New company aims RNA-based therapies at neurological, metabolic disease.
Neil Savage
A biotech company that is less than two years old is on the verge of going public, taking advantage of the excitement around RNA interference–based therapeutics. It also helps that one of its scientific founders won the Nobel Prize for the discovery of the gene-silencing mechanism.
RXi Pharmaceuticals, of Worcester, MA, was founded as a subsidiary of the Los Angeles–based biopharmaceutical company CytRx, with $17 million in funding from CytRx and another $17 million from other investors. Its mission is to develop therapies based on RNA interference (RNAi) for a wide range of diseases, from neurodegenerative to metabolic diseases. One of RXi’s founders, Craig Mello of the University of Massachusetts Medical School, won a Nobel Prize last year for his pioneering work on RNAi.
In October, the company filed a registration statement with the Securities and Exchange Commission to spin off as a public company from CytRx, which focuses on a different class of drugs. RXi is awaiting SEC approval before going public.
Silence that gene
RXi aims to make use of small interfering RNAs—short segments of RNA a couple of dozen nucleotides in length—that the company believes will act as drugs to shut down genes involved in certain diseases. One disease they’re targeting is an inherited form of the neurodegenerative disease, amyotrophic lateral sclerosis (ALS), also known as Lou Gehrig’s disease. People with a mutated form of the SOD1 gene account for only one to two percent of patients with the debilitating disease, but studies in mice by two of the company’s scientific advisors at UMass suggest that down-regulating that gene can delay the onset of ALS. “In principal you could treat [patients] ahead of time and stop them from ever getting the disease,” says Tod Woolf, CEO of RXi.
The company is also looking at type II diabetes, which is often associated with obesity. They’ve identified a series of genes that, when inhibited in mice, increase metabolism and combat obesity. One of the company’s cofounders, Michael Czech of UMass Medical School, found that when he deleted one of these genes, mice on a high-fat diet stayed lean and didn’t develop diabetes. RXi wants to develop a RNA-based drug that silences this gene.
All of the company’s work is still in early discovery stages, and Woolf wouldn’t predict when a treatment might make it into the clinic, though it will likely be several years.
RNA race
RXi has a formidable competitor: Alnylam Pharmaceuticals, of Cambridge, MA, has taken an early lead in developing a number of therapies. It already has one treatment, for a respiratory virus, in phase II clinical trials.
But Woolf says RXi, which is targeting different diseases than Alnylam, has some advantages of its own. “One thing that makes us stand out is our intellectual property, which is licensed since 2003 and goes all the way back to the beginning of RNAi,” he says. They have exclusive licenses to pending patents from UMass and Imperial College London and a number of nonexclusive licenses as well.
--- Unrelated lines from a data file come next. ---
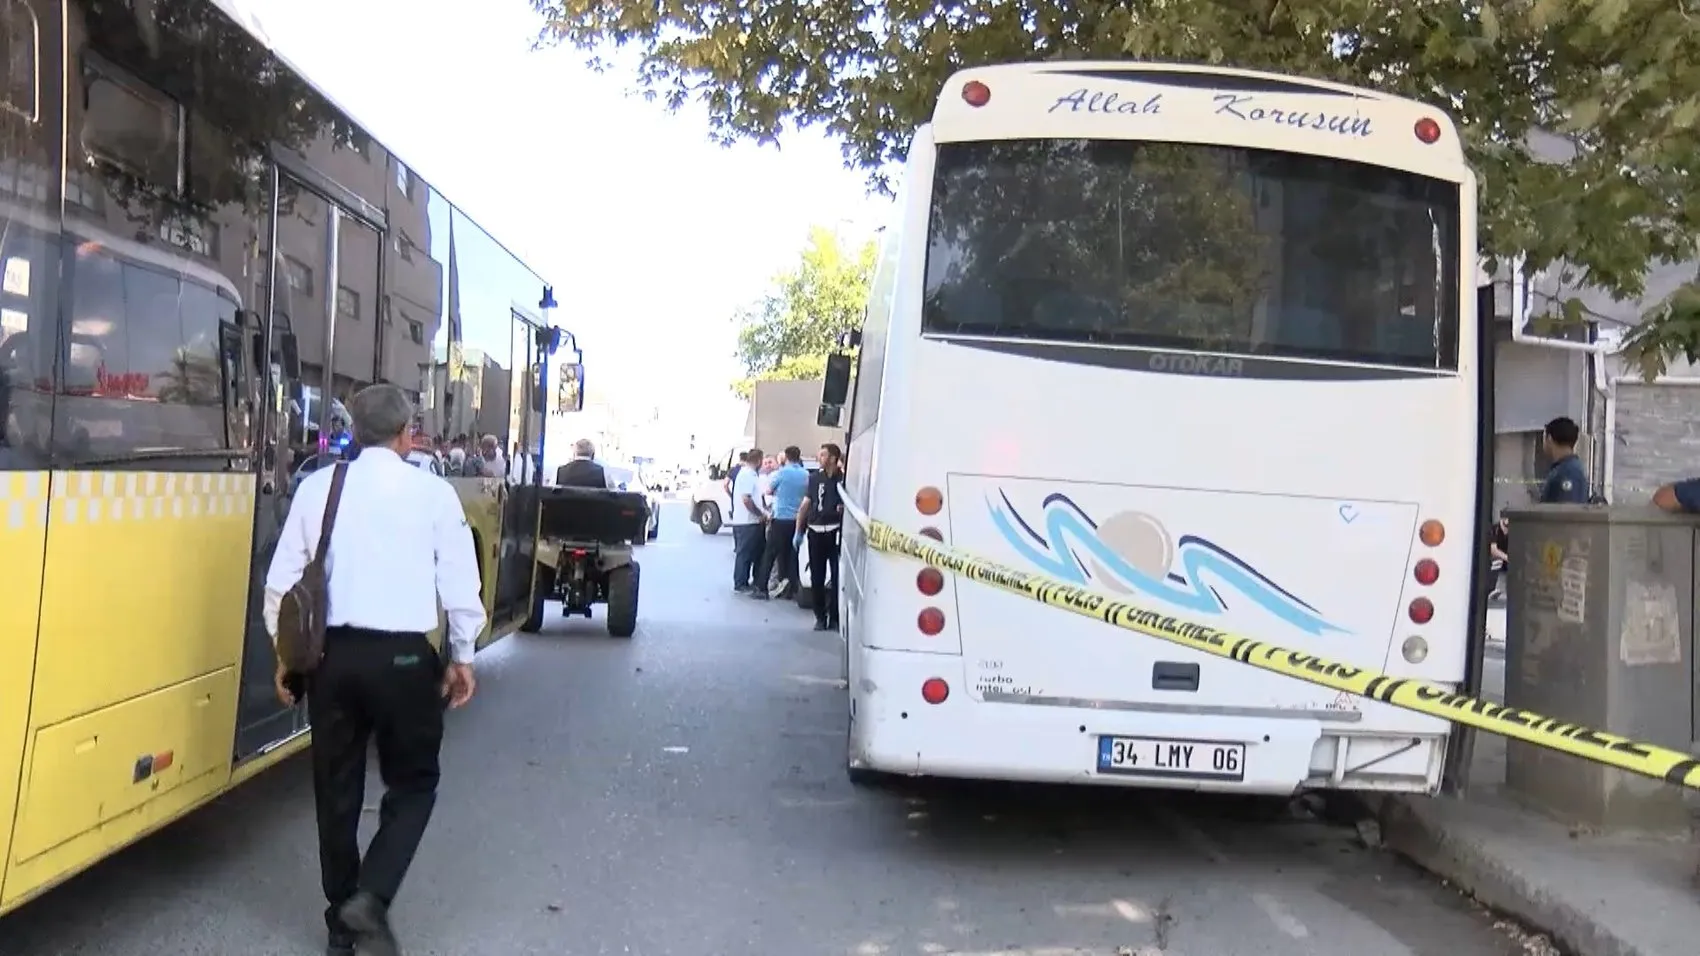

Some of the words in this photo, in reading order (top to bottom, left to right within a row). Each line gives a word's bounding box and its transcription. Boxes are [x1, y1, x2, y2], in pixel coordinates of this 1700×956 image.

[1047, 88, 1163, 115] Allah
[1213, 94, 1374, 137] Korusun
[1113, 741, 1138, 766] 34
[1155, 744, 1194, 769] LMY
[1213, 747, 1239, 772] 06
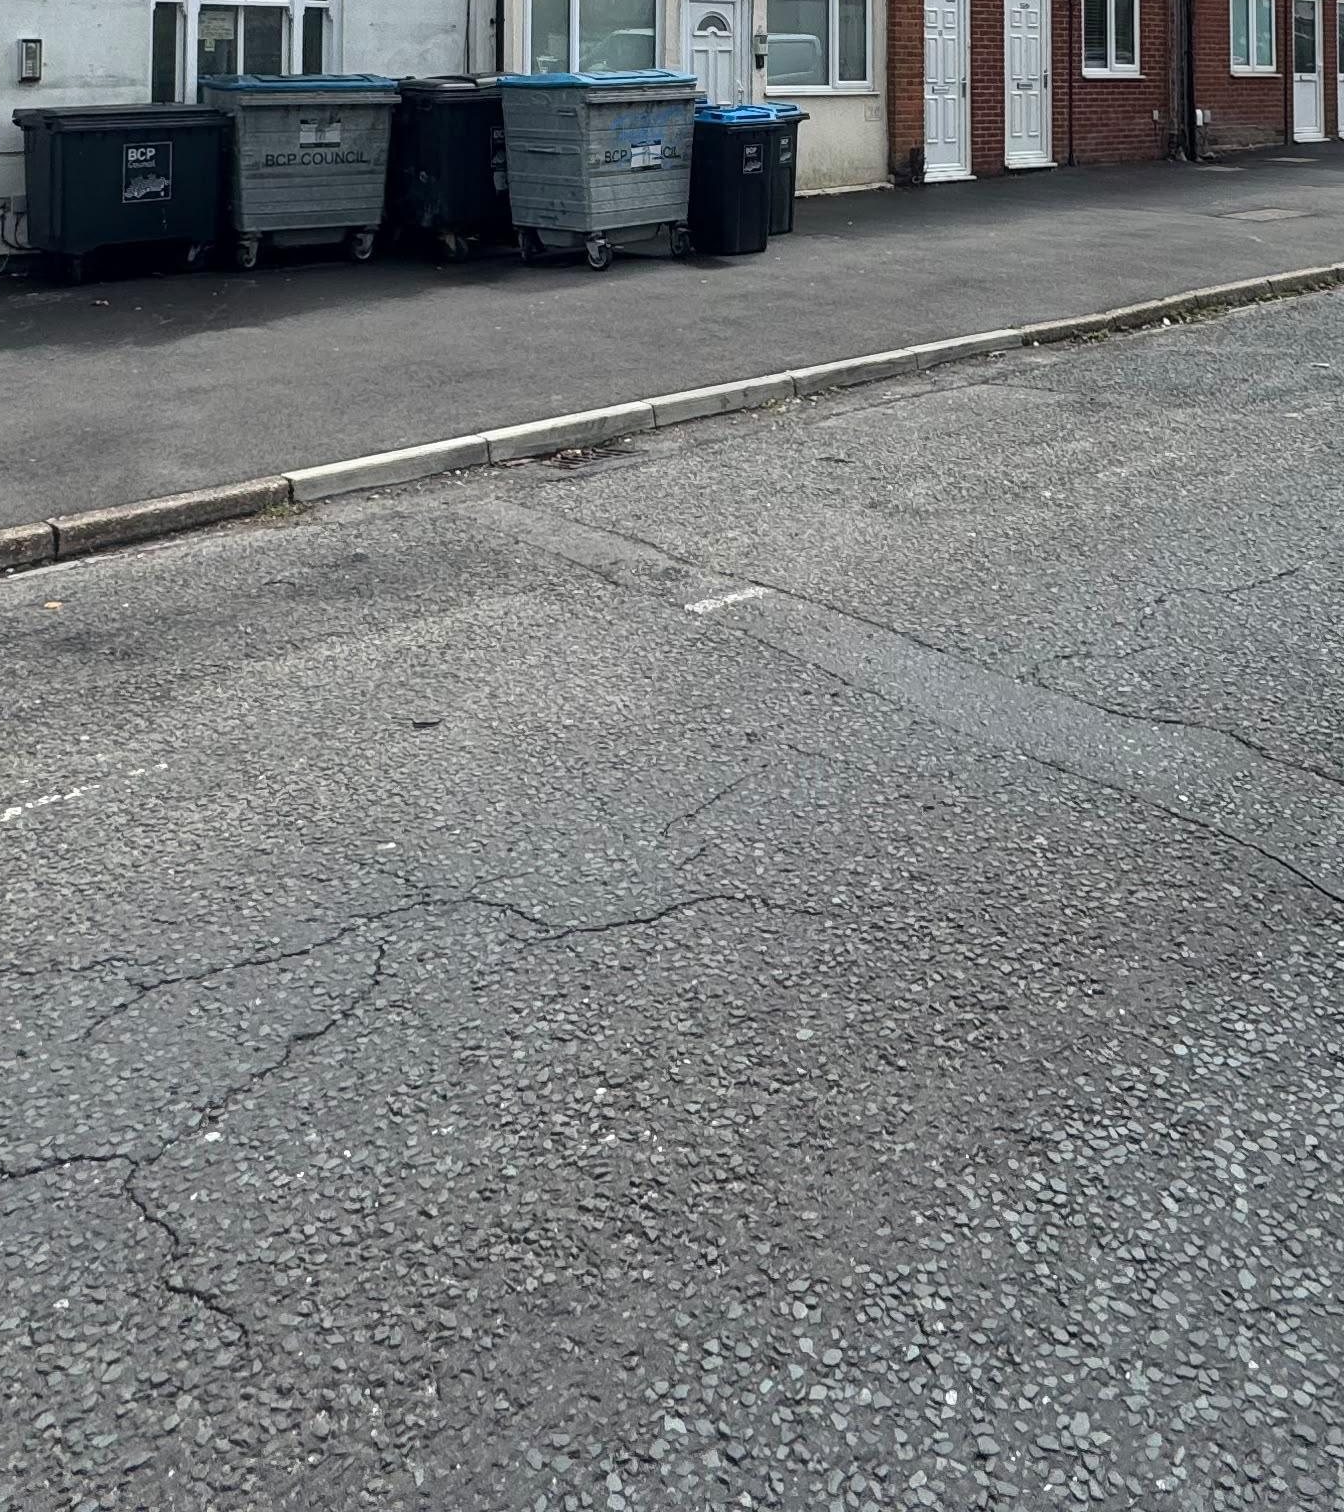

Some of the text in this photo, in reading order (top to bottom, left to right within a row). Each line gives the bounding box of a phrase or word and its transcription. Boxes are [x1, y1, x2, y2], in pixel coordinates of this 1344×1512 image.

Another key advantage, says Woolf, is a delivery mechanism for getting the small RNAs where they want them to go, a key challenge that all RNA drug developers face. RXi cofounder Tariq Rana of UMass Medical School has developed nanoparticles and shown that when they are mixed with small RNA molecules, they bind to the RNA to form tiny particles that migrate to the liver in mice–an important target when treating metabolic diseases—without getting flushed out of the body by the kidneys.
“There’s great hope, but whether [an RNA-based drug] actually comes into routine clinical use is something nobody can predict,” says Manjunath Swamy of Harvard’s Immune Disease Institute,an affiliate of Harvard Medical School formerly called the CBR Institute for Biomedical Research. Swamy has developed a technique for transporting small RNAs across the blood-brain barrier.
Swamy says that, with so many potential targets for RNAi therapies, there’s plenty of room for both Alnylam and RXi, as well as other companies.